“Like war, impeachment is hell.” — Ken Starr
A House Divided
As Democrats desperately try to keep impeachment alive in the Senate, Trump is reportedly already planning a flamboyant season finale episode to end this latest impeachment drama with a theatrical flourish.
The Donald was, after all, a reality television star before he became president. Does anyone who has ever watched one of Trump’s press gauntlets- where reporters have to shout questions above the deafening roar of a helicopter engine and its whipping blades- doubt it? This is a man who knows how to stage manage for maximum impact.
Trump is also riding a wave of economic prosperity and raking in campaign cash from an expanding base infuriated by the impeachment efforts against him. He has negotiated two major trade deals and dealt a death blow to two major terrorist enemies of the U.S. and its allies.
Trump is also enjoying the highest ratings he has yet enjoyed as President. People are already lining up for the upcoming New Jersey Trump campaign rally- a full 48-hours before the event.
Meanwhile, Democrats in the press and Democratic strategists are reacting with collective dismay to formal and informal focus groups of Democrats who just aren’t at all concerned with impeachment.
The general feeling among voting Democrats is that the conclusion to this impeachment process is foregone; voters are ready to move on.
“I was in a focus group this morning for the Institute for Politics here at the University of Chicago with some Chicago Democratic voters, and it was chilling to hear them talk about this. Because impeachment didn’t even come up, no one volunteered it, for 80 minutes into the focus group, and we’re right in the middle of the trial.” — David Axelrod, former Senior Advisor to President Obama. January 24, 2020
Axelrod isn’t wrong and his Friday focus group wasn’t a one-off. Interest in the impeachment hearings has diminished greatly over the past months.
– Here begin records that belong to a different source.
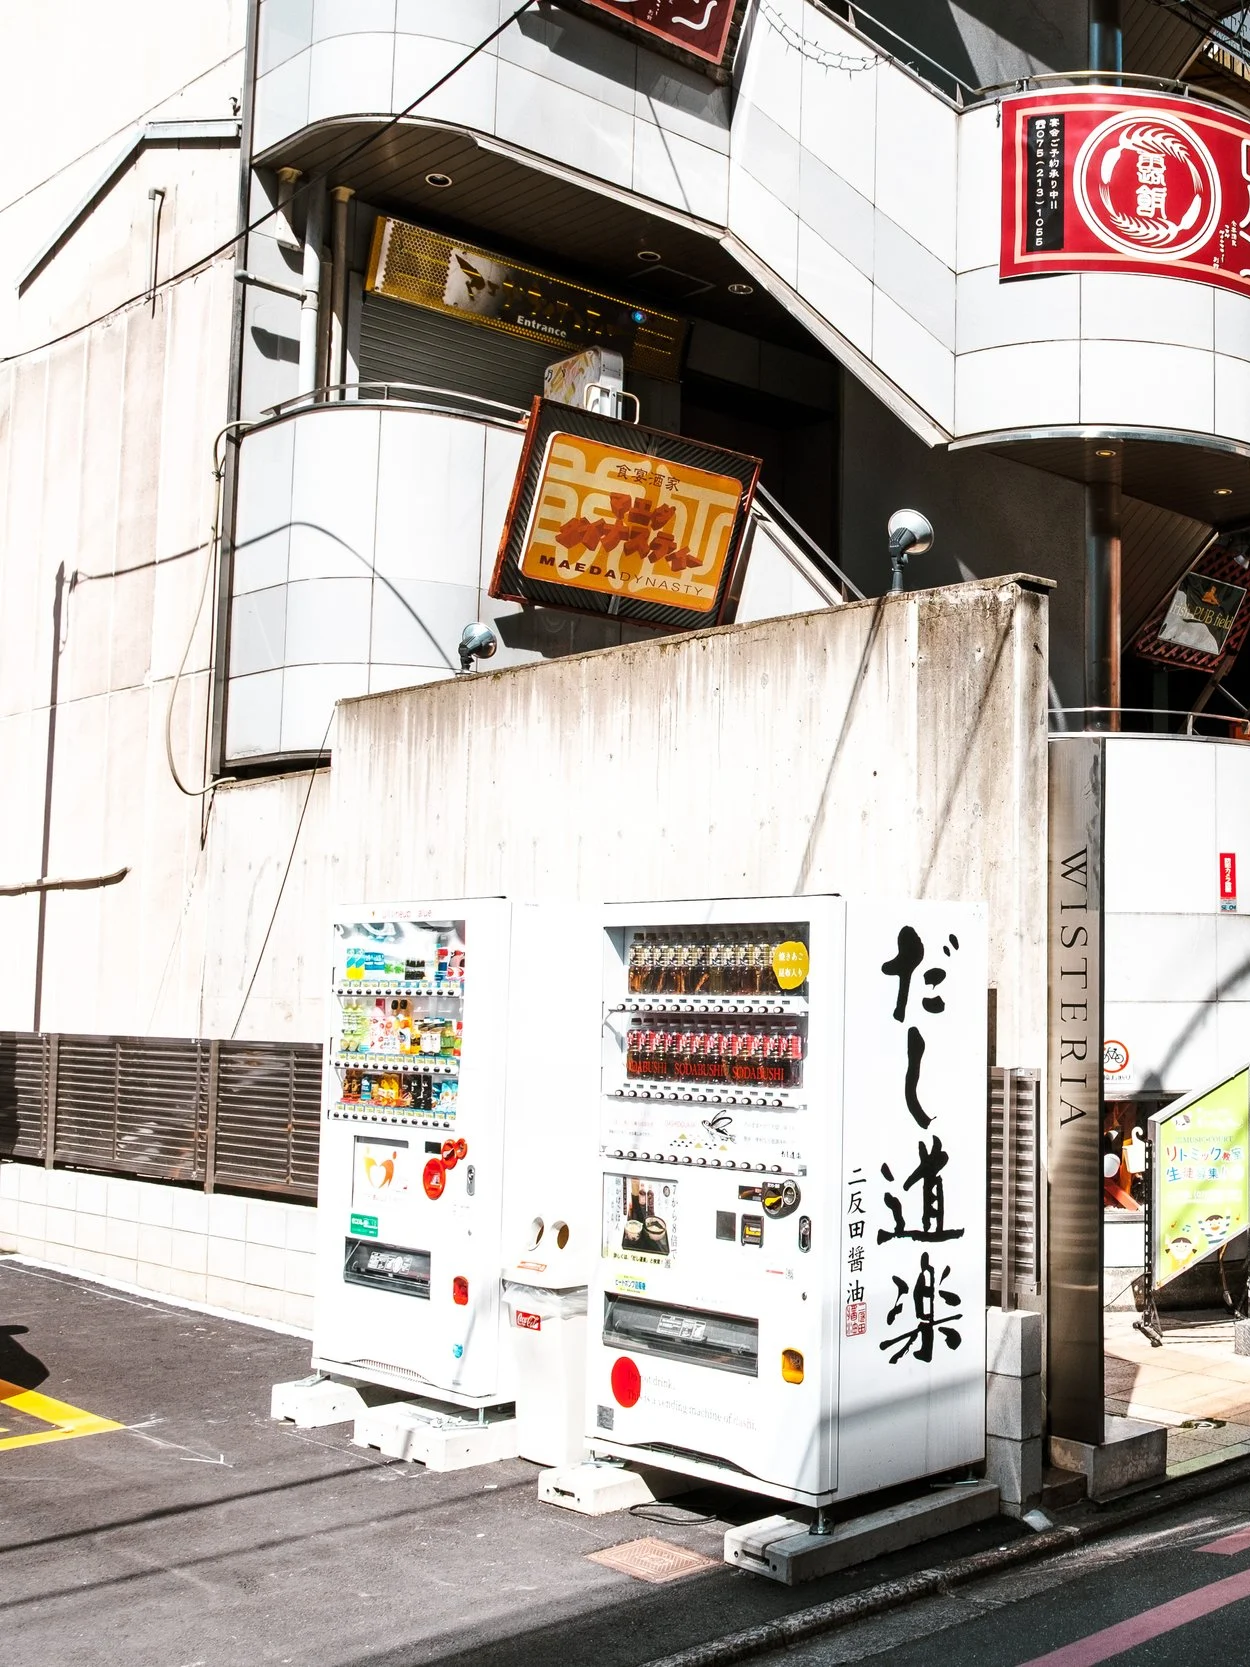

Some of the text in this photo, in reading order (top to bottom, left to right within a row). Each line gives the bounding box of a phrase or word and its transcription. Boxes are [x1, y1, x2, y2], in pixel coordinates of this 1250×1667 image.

[517, 315, 567, 338] Entrance
[1194, 606, 1214, 624] PUB
[1214, 615, 1234, 630] field
[1060, 847, 1088, 1129] WISTERIA
[675, 1063, 722, 1077] SODABUSHI
[732, 1067, 784, 1081] SODABUSHI
[876, 925, 965, 1364] だし道楽
[846, 1167, 867, 1304] 二反田醤油
[657, 1398, 688, 1415] vending
Indeed, interest in impeachment proceedings against President Trump has been steadily dwindling for the past few years.
Though the New York Times may celebrate Rep. Adam Schiff’s recent Senate performance as a tour de force, even going as far as to call Schiff himself a “Rockstar”, the numbers tell a far different tale of increasing disinterest.
When FBI Director James Comey testified in 2017, 20 million people tuned in. 16 million people watched former Trump attorney Michael Cohen testify in 2018.
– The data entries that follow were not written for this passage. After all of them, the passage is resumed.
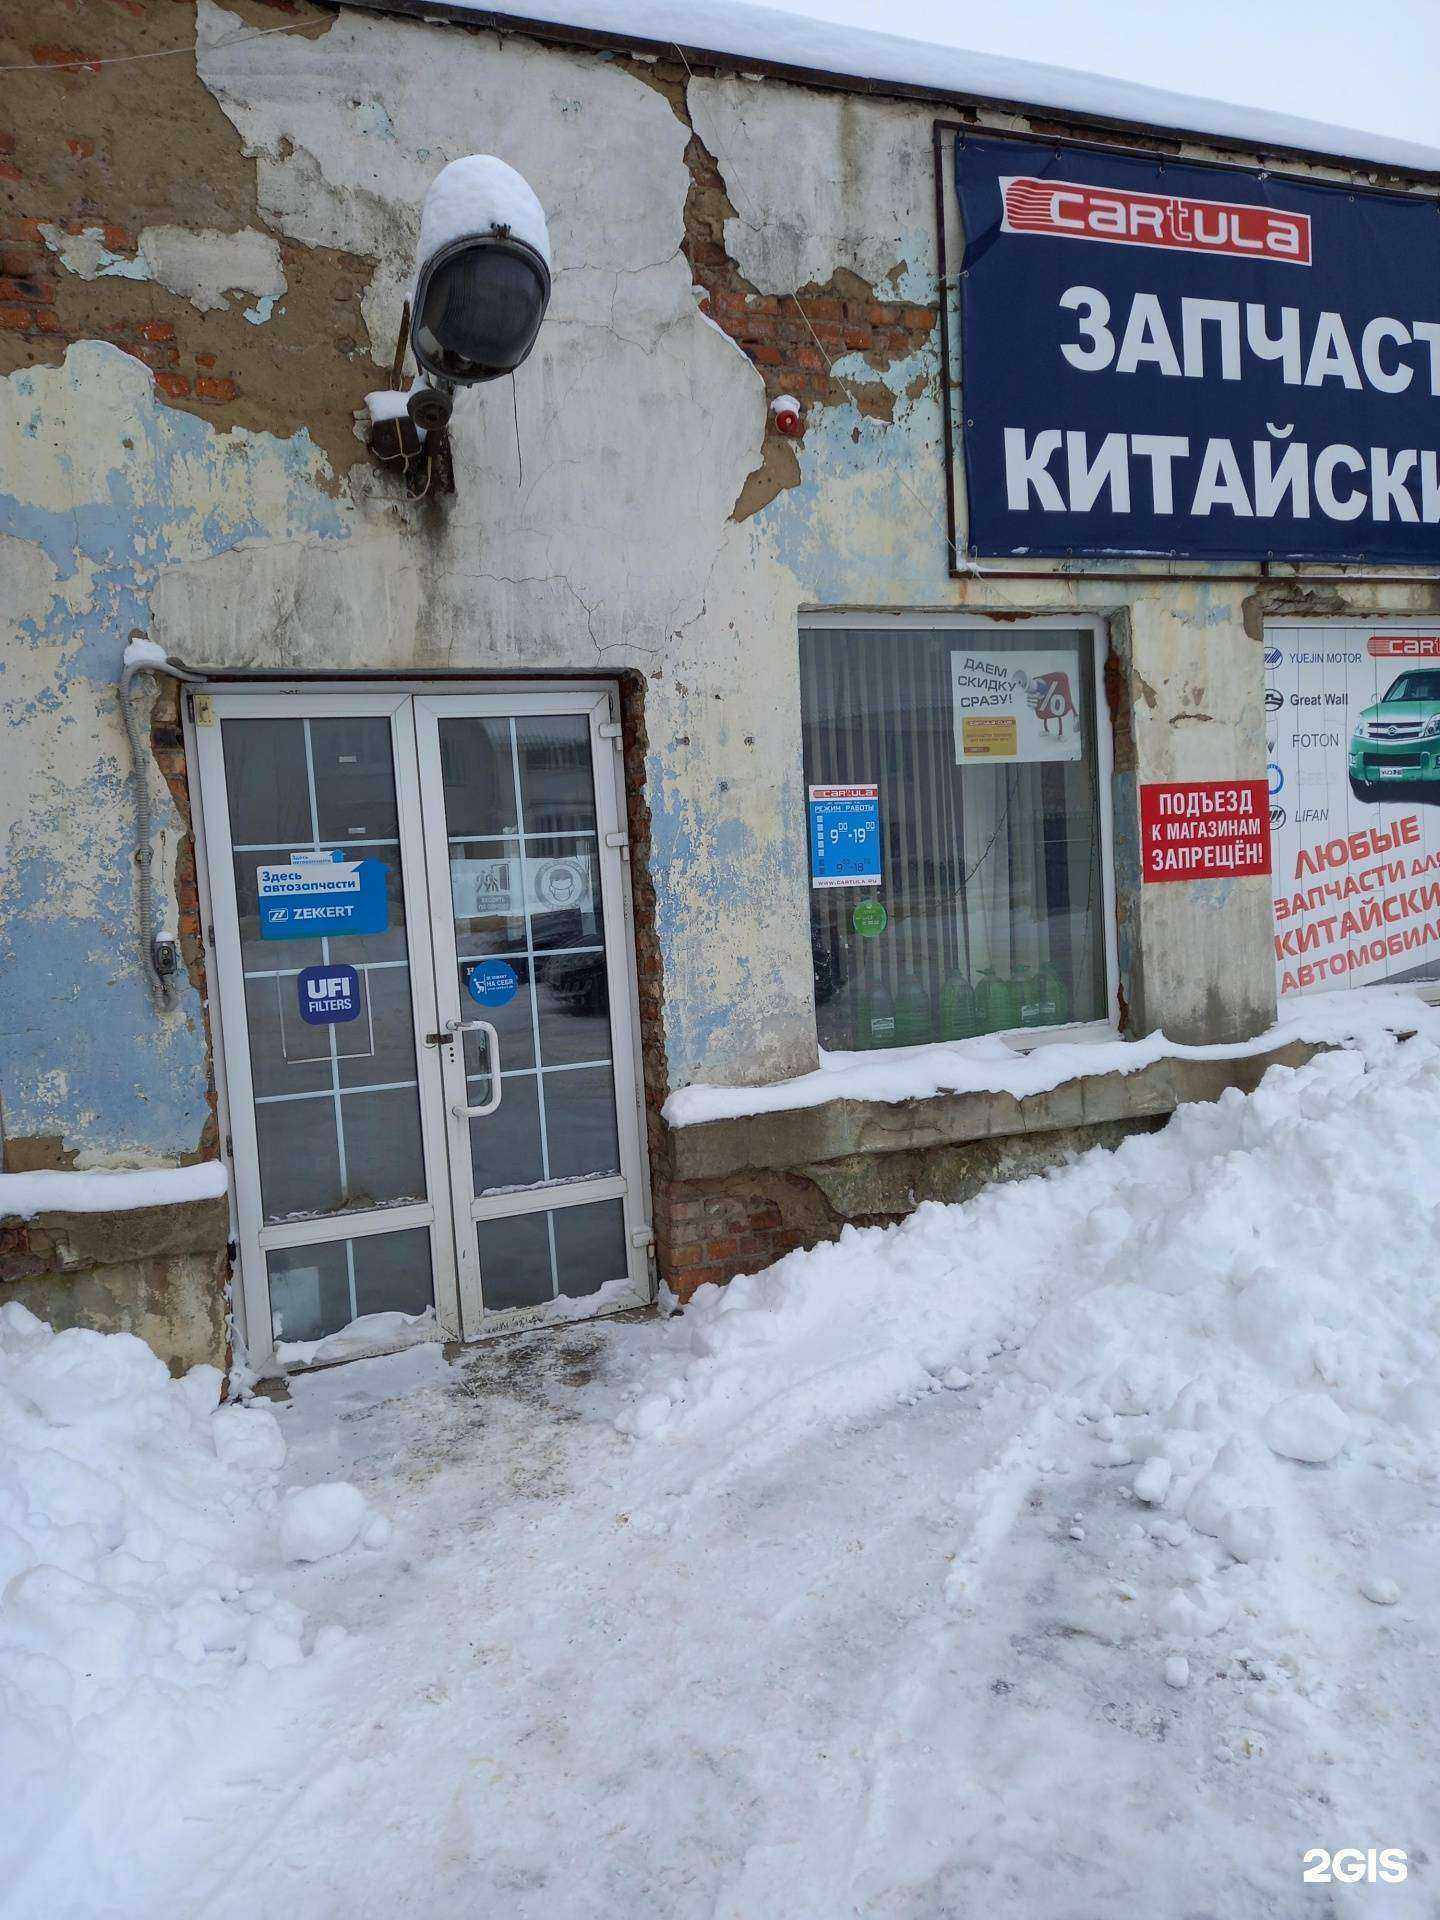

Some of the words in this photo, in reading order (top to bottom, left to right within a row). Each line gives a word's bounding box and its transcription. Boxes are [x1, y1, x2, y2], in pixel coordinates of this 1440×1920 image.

[1289, 653, 1324, 664] YUEJIN
[1326, 653, 1362, 663] MOTOR
[963, 658, 1008, 678] ДАЕМ
[958, 675, 1017, 692] СКИДКУ
[960, 694, 1013, 708] СРАЗУ!
[1290, 694, 1322, 706] Great
[1326, 693, 1348, 705] Wall
[1292, 733, 1339, 748] FOTON
[845, 804, 874, 812] РАБОТЫ
[1159, 789, 1253, 818] ПОДЪЕЗД
[1295, 809, 1329, 823] LIFAN
[1152, 824, 1161, 841] К
[1166, 818, 1261, 840] МАГАЗИНАМ
[1294, 815, 1421, 880] ЛЮБЫЕ
[1152, 840, 1263, 871] ЗАПРЕЩЁН!
[262, 871, 302, 882] Здесь
[263, 880, 356, 893] автозапчасти
[1274, 860, 1406, 921] ЗАПЧАСТИ
[1411, 851, 1440, 877] ДЛ
[293, 905, 354, 920] ZEKKERT
[1274, 882, 1440, 961] КИТАЙСКИ
[307, 977, 351, 999] UFI
[309, 999, 352, 1013] FILTERS
Fewer than 13 million viewers across all major news networks watched the proceedings on the first day of the House impeachment hearings in November of 2019. Fewer than 8.9 million watched last week.
Even the iconic uber-liberal Maureen Dowd concurs, quoting a Democratic Senate staffer in mourning for lost impeachment hopes: “Our phones aren’t ringing. Nobody cares. It’s the saddest thing ever.”
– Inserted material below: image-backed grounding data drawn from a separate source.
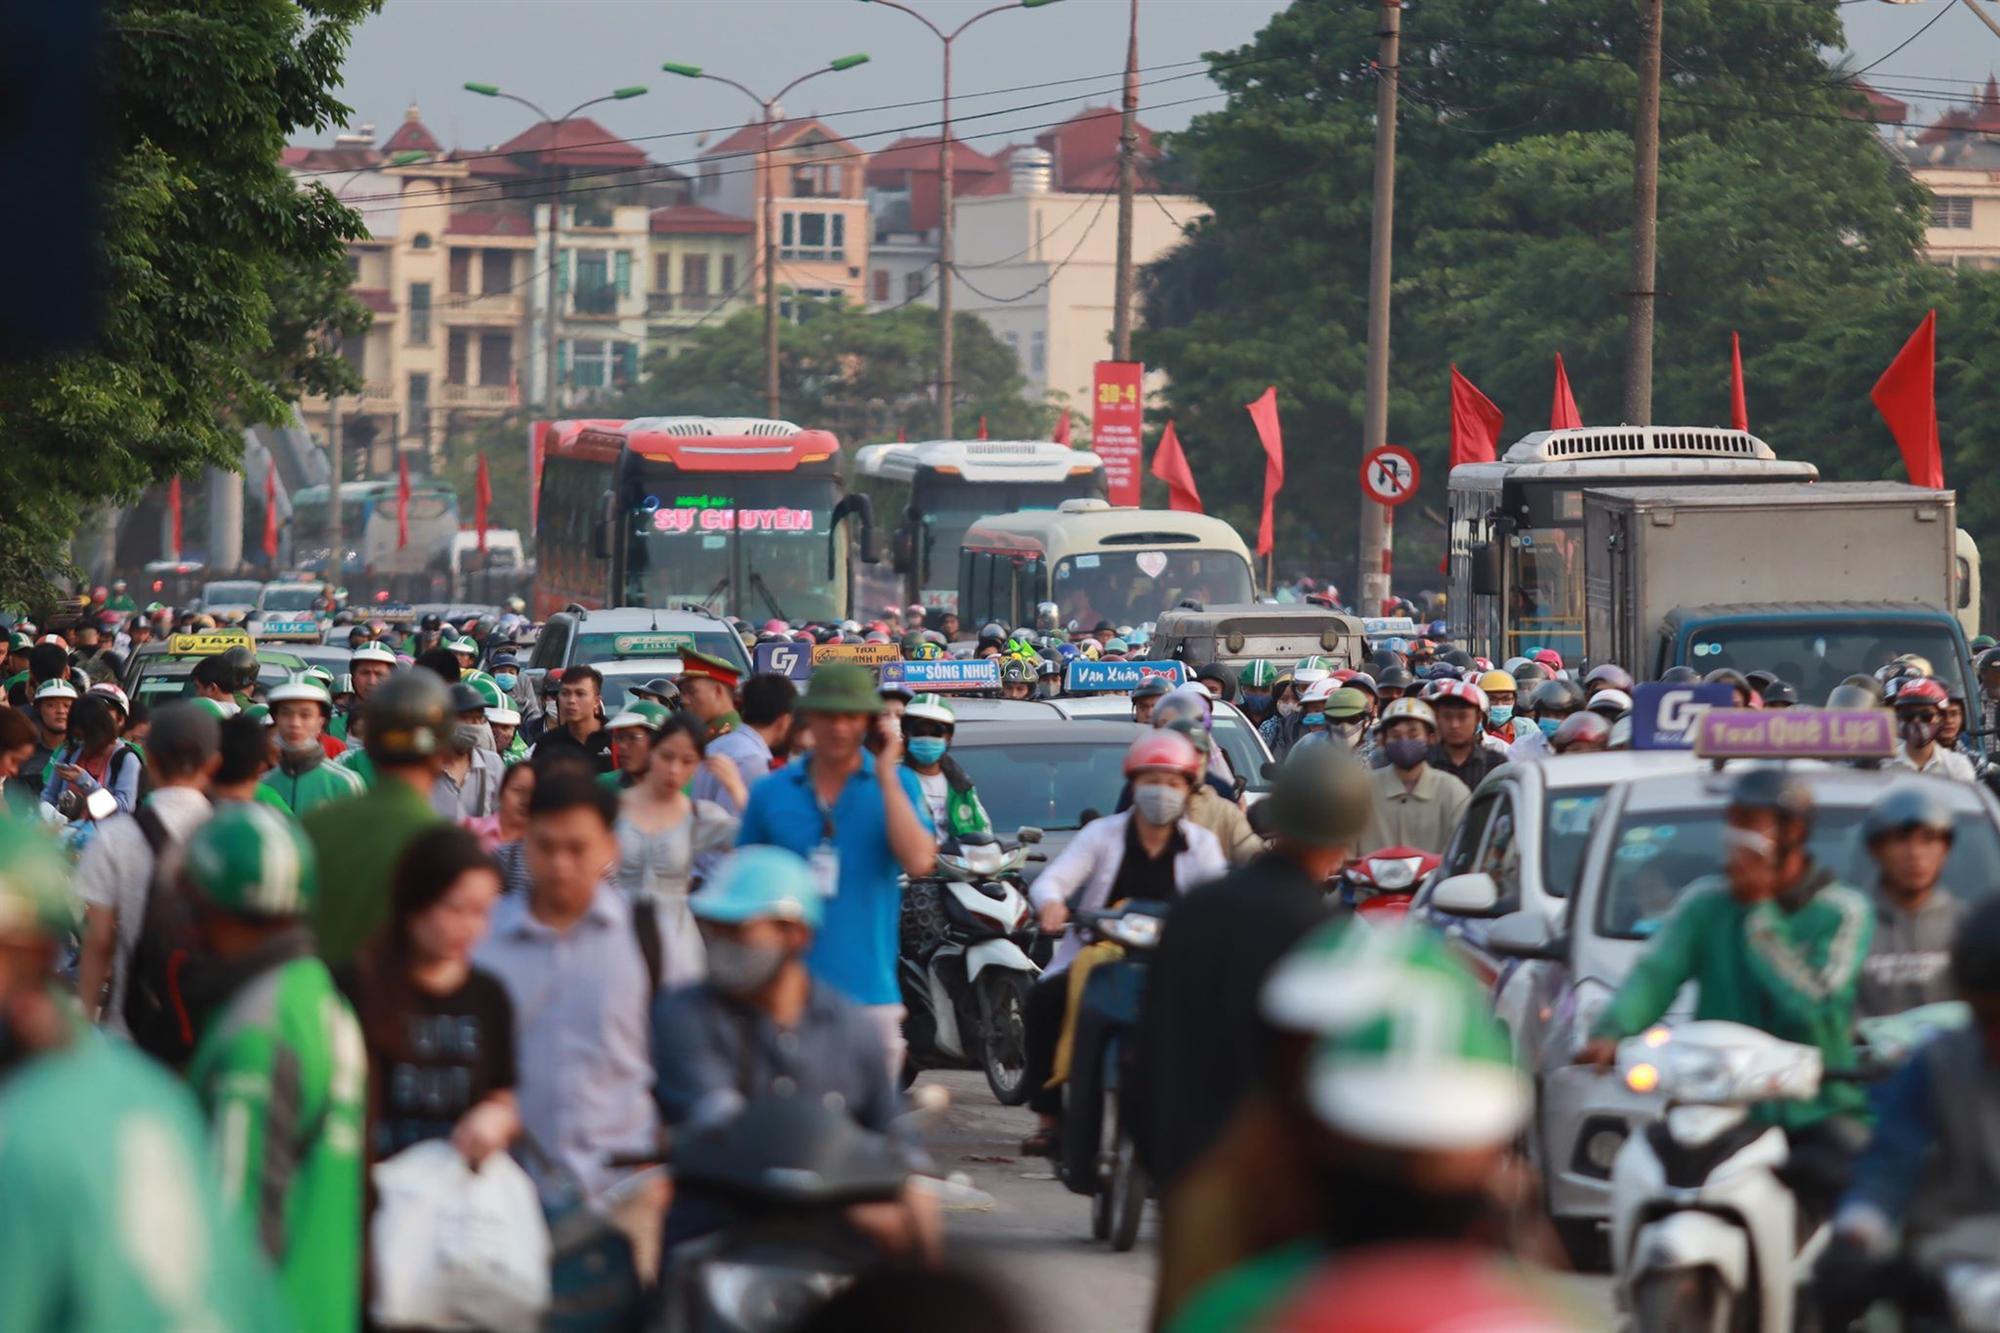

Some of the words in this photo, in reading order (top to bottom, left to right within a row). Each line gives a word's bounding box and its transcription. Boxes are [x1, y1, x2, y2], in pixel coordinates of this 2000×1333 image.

[654, 507, 698, 533] SỰ
[700, 506, 813, 530] CHUYÊN
[771, 647, 799, 676] G7
[907, 665, 925, 674] TAXI
[926, 662, 959, 680] SÔNG
[962, 661, 996, 683] NHUỆ
[1078, 667, 1104, 687] Vạn
[1107, 665, 1139, 682] Xuân
Polls supporting impeachment haven’t backed up Democratic efforts to remove Trump from office, either. More people supported impeachment when House Speaker Nancy Pelosi announced the launch of the impeachment inquiry into the Ukraine call than support it now.
So it isn’t so much a question of what is happening during the Senate trial, but whether anyone is even paying attention. It’s hard to blame them: Political-beat journalists on the Hill admit to being flummoxed themselves by the sheer overwhelming tedium of the proceedings.
Democrats making the case before the Senate have already committed a couple of serious errors that haven’t helped their case.
For one thing, it might not have been a good idea to use all 24 of the hours allotted to Democrats to lay out their case. Boring the jury past all endurance rarely wins any new friends among jurors.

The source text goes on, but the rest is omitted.